Data records:
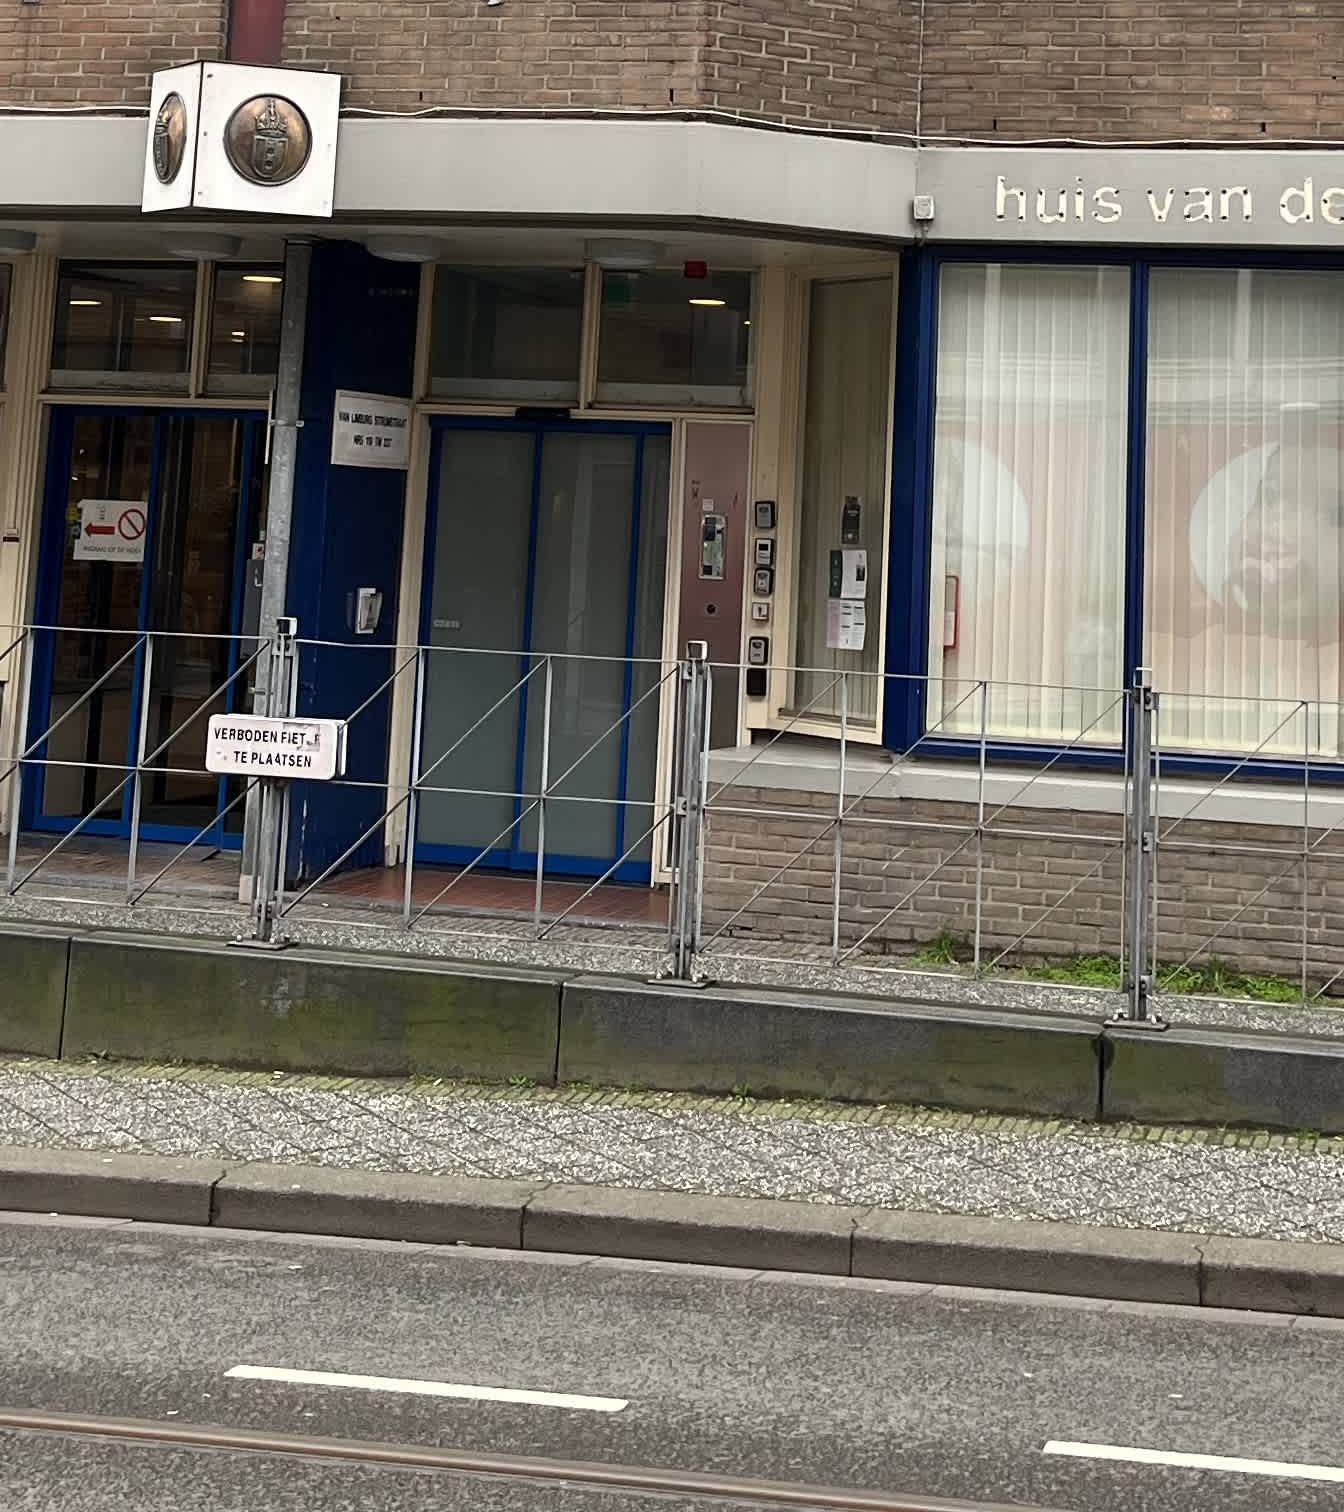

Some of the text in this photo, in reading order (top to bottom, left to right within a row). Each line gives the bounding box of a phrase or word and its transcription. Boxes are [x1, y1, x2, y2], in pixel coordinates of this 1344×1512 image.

[996, 175, 1123, 224] huis
[1146, 187, 1254, 224] van
[214, 727, 277, 743] VERBODEN
[233, 750, 312, 768] TE PLAATSEN

* _GOAL OF THE EXERCISE_: Output all the records above exactly, but without their images.

* _SOLUTION BELOW_:
Some of the text in this photo, in reading order (top to bottom, left to right within a row). Each line gives the bounding box of a phrase or word and its transcription. Boxes are [x1, y1, x2, y2], in pixel coordinates of this 1344×1512 image.

[996, 175, 1123, 224] huis
[1146, 187, 1254, 224] van
[214, 727, 277, 743] VERBODEN
[233, 750, 312, 768] TE PLAATSEN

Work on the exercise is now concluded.